Copy the data below exactly. Any pictures in it should be omitted.

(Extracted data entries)
»»
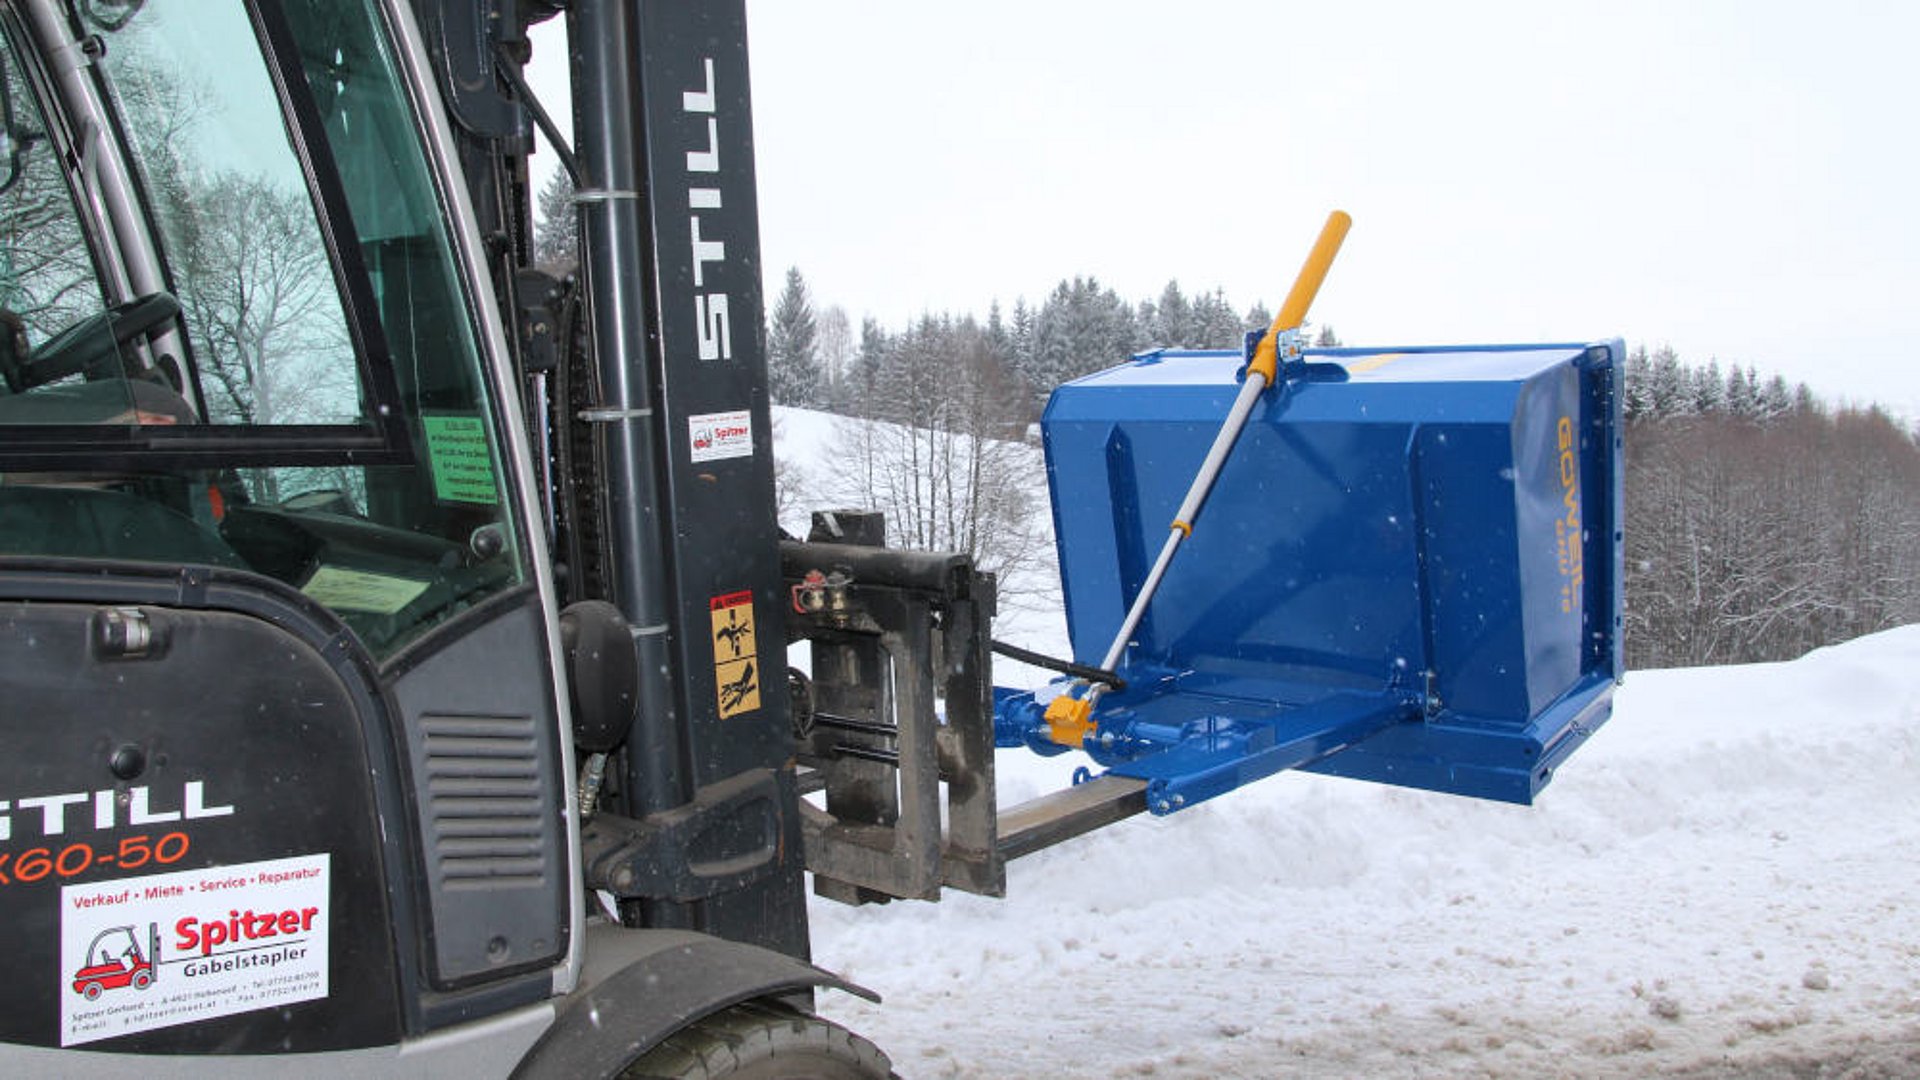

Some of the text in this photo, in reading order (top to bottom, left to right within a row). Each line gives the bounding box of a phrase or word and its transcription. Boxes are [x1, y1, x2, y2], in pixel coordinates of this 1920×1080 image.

[683, 58, 731, 360] STILL
[0, 781, 234, 840] TILL
[74, 867, 321, 909] Verkauf Miete Service Reparatur
[175, 906, 319, 956] Spitzer
[183, 947, 308, 977] Gabelstapler
««
RESPONSE:
Some of the text in this photo, in reading order (top to bottom, left to right within a row). Each line gives the bounding box of a phrase or word and its transcription. Boxes are [x1, y1, x2, y2], in pixel coordinates of this 1920×1080 image.

[683, 58, 731, 360] STILL
[0, 781, 234, 840] TILL
[74, 867, 321, 909] Verkauf Miete Service Reparatur
[175, 906, 319, 956] Spitzer
[183, 947, 308, 977] Gabelstapler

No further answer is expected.